What the exercise asks:
An exact copy of every entry is required, minus the pictures.

Records for this task:
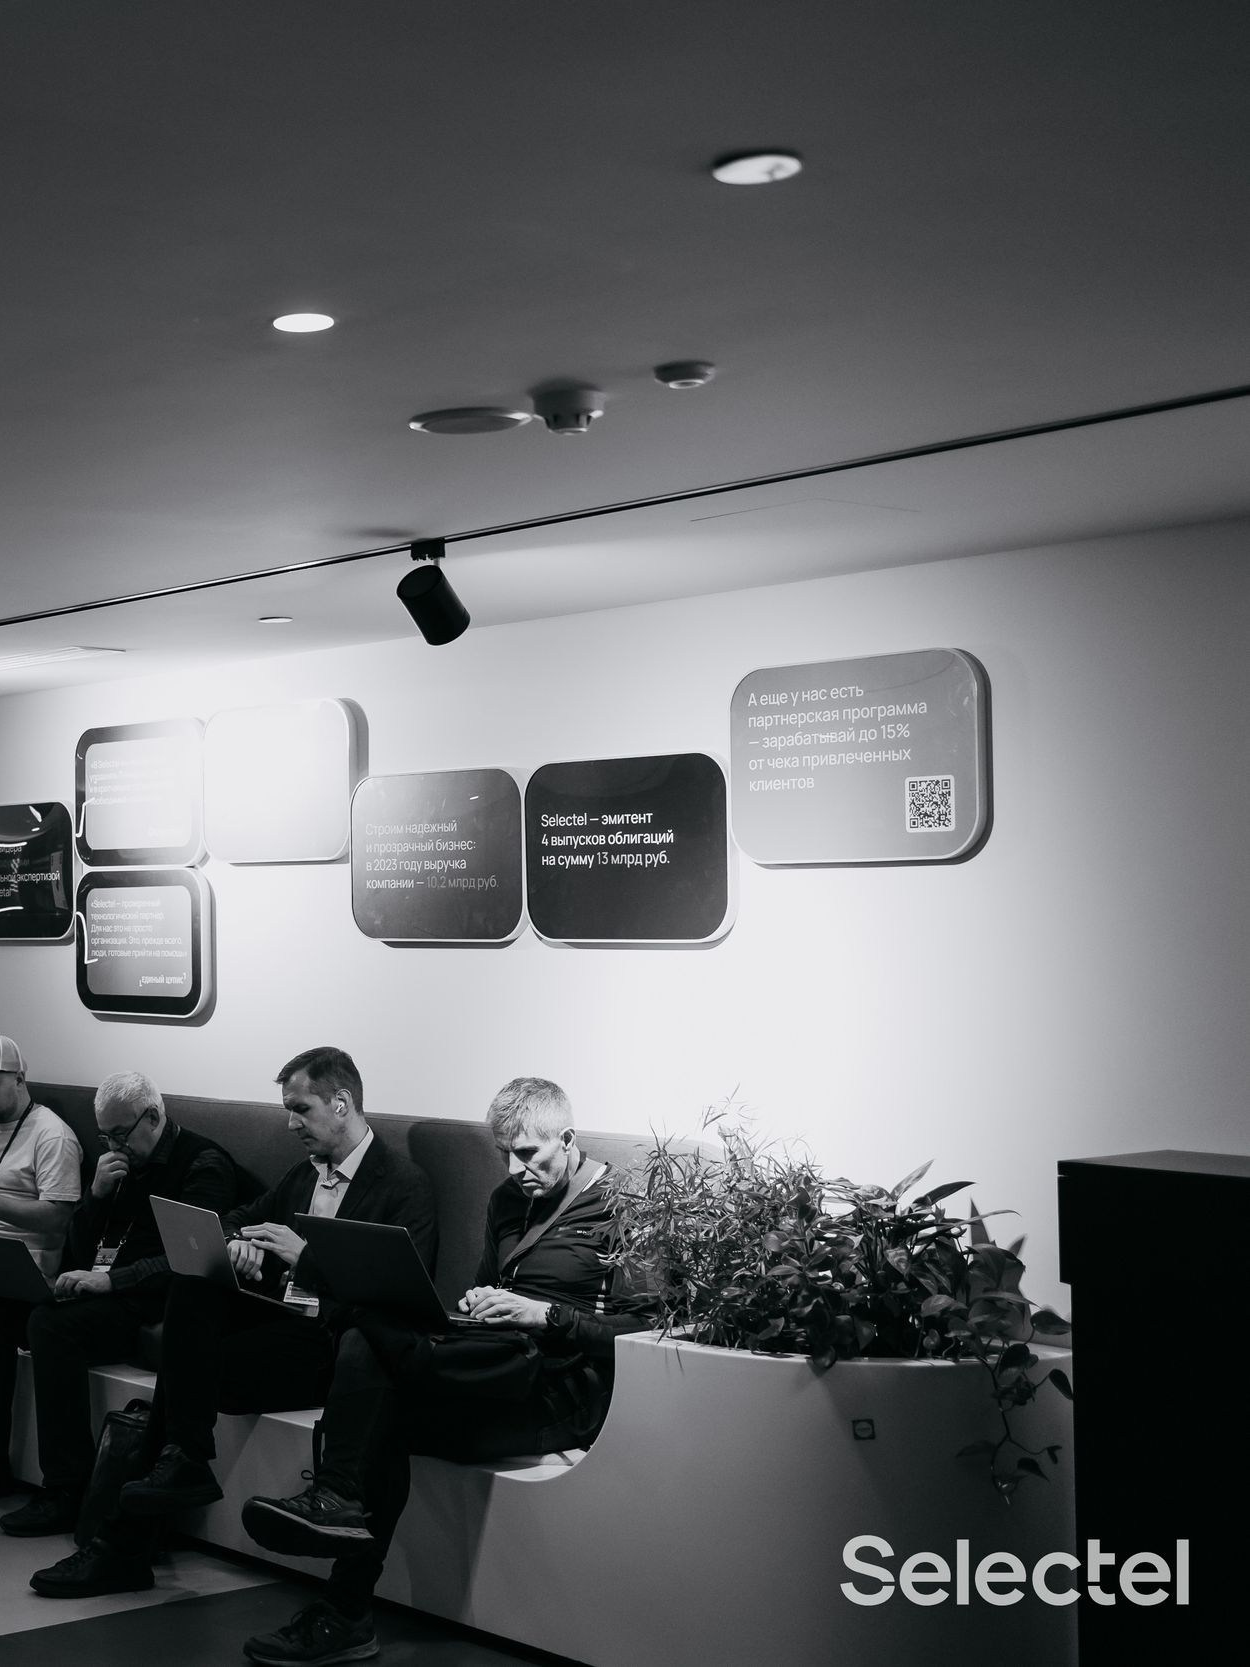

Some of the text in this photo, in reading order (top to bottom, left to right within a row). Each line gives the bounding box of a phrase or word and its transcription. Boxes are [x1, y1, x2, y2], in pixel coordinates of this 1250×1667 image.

[748, 686, 864, 707] А еще у нас есть
[748, 702, 927, 730] партнерская программа
[762, 728, 855, 750] зарабатывай
[858, 729, 877, 743] до
[880, 723, 910, 740] 15%
[748, 748, 912, 771] от чека привлеченных
[749, 778, 814, 792] клиентов
[541, 812, 588, 826] Selectel
[601, 813, 654, 825] эмитент
[366, 820, 458, 837] Строим надежный
[366, 838, 476, 856] и прозрачный бизнес:
[542, 829, 674, 849] 4 выпусков облигаций
[366, 858, 467, 874] в 2023 году выручка
[542, 850, 670, 869] на сумму 13 млрд руб.
[366, 878, 414, 889] компании
[448, 876, 476, 890] млрд
[478, 875, 500, 890] руб.

Written response:
Some of the text in this photo, in reading order (top to bottom, left to right within a row). Each line gives the bounding box of a phrase or word and its transcription. Boxes are [x1, y1, x2, y2], in pixel coordinates of this 1250×1667 image.

[748, 686, 864, 707] А еще у нас есть
[748, 702, 927, 730] партнерская программа
[762, 728, 855, 750] зарабатывай
[858, 729, 877, 743] до
[880, 723, 910, 740] 15%
[748, 748, 912, 771] от чека привлеченных
[749, 778, 814, 792] клиентов
[541, 812, 588, 826] Selectel
[601, 813, 654, 825] эмитент
[366, 820, 458, 837] Строим надежный
[366, 838, 476, 856] и прозрачный бизнес:
[542, 829, 674, 849] 4 выпусков облигаций
[366, 858, 467, 874] в 2023 году выручка
[542, 850, 670, 869] на сумму 13 млрд руб.
[366, 878, 414, 889] компании
[448, 876, 476, 890] млрд
[478, 875, 500, 890] руб.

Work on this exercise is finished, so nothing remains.